(Task statement) Reproduce the complete set of records exactly. No picture is to appear in the copy.

── Recorded data

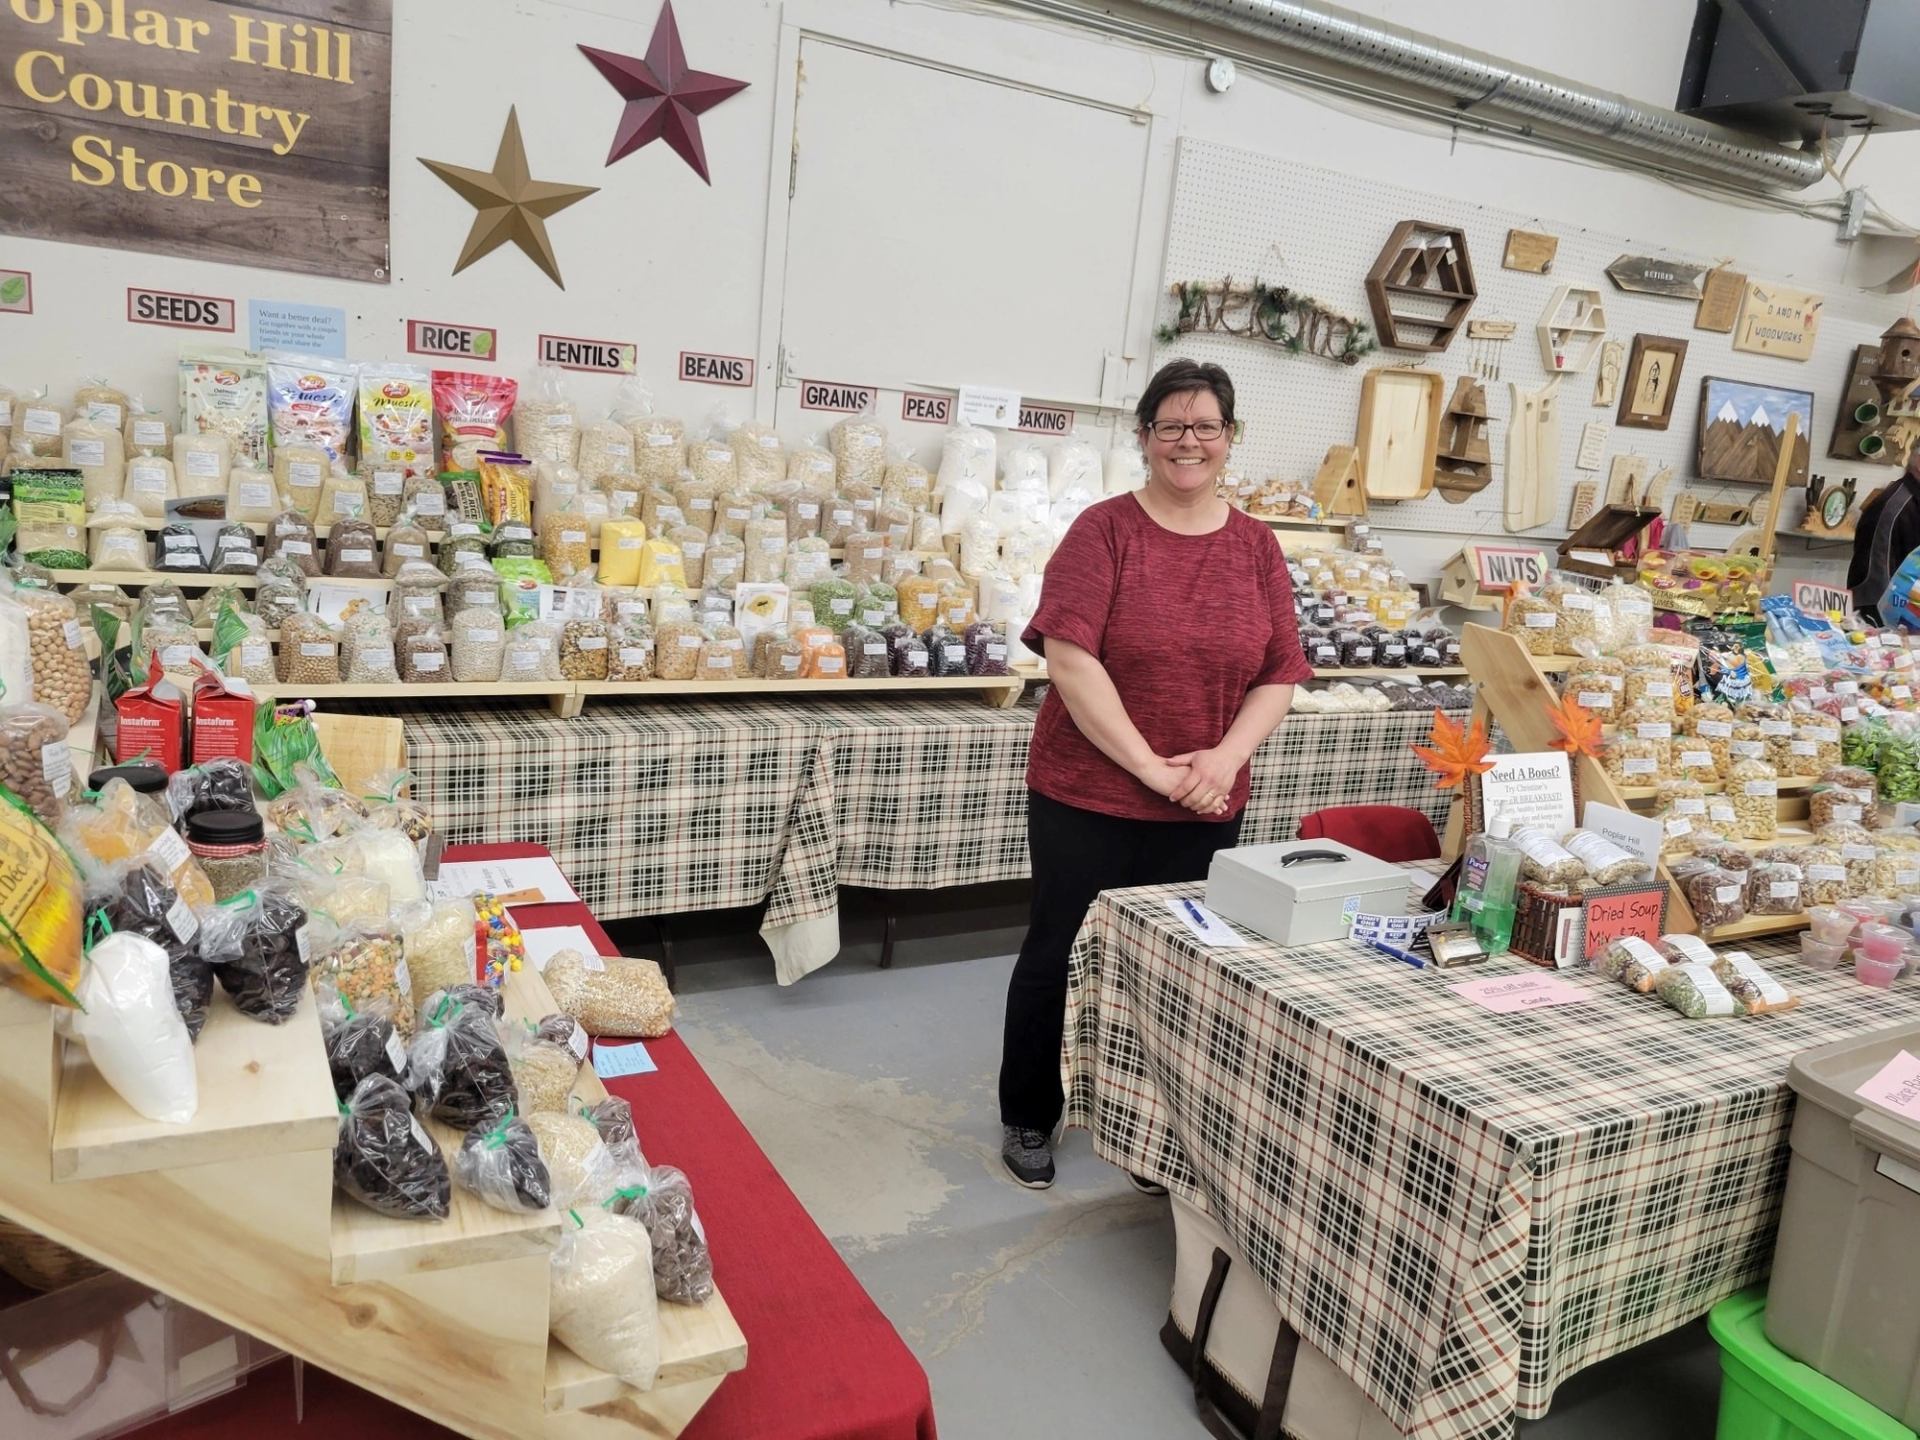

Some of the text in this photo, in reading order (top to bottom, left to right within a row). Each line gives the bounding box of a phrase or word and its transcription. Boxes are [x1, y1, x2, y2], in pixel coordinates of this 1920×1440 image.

[11, 0, 354, 84] oplar Hill
[14, 50, 310, 156] Country
[71, 134, 263, 209] Store
[137, 294, 219, 325] SEEDS
[1775, 308, 1792, 319] AND
[422, 327, 471, 353] RICE
[1755, 326, 1803, 344] WOODWORKS
[546, 341, 620, 368] LENTILS
[685, 356, 744, 382] BEANS
[806, 385, 868, 409] GRAINS
[907, 398, 946, 419] PEAS
[1488, 555, 1540, 584] NUTS
[1798, 585, 1848, 616] CANDY
[1490, 765, 1561, 783] Need A Boost?
[1602, 827, 1626, 841] Poplar
[1627, 836, 1641, 845] Hill
[1591, 901, 1659, 922] Dried Soup

────

(Expected answer)
Some of the text in this photo, in reading order (top to bottom, left to right within a row). Each line gives the bounding box of a phrase or word and its transcription. Boxes are [x1, y1, x2, y2], in pixel coordinates of this 1920×1440 image.

[11, 0, 354, 84] oplar Hill
[14, 50, 310, 156] Country
[71, 134, 263, 209] Store
[137, 294, 219, 325] SEEDS
[1775, 308, 1792, 319] AND
[422, 327, 471, 353] RICE
[1755, 326, 1803, 344] WOODWORKS
[546, 341, 620, 368] LENTILS
[685, 356, 744, 382] BEANS
[806, 385, 868, 409] GRAINS
[907, 398, 946, 419] PEAS
[1488, 555, 1540, 584] NUTS
[1798, 585, 1848, 616] CANDY
[1490, 765, 1561, 783] Need A Boost?
[1602, 827, 1626, 841] Poplar
[1627, 836, 1641, 845] Hill
[1591, 901, 1659, 922] Dried Soup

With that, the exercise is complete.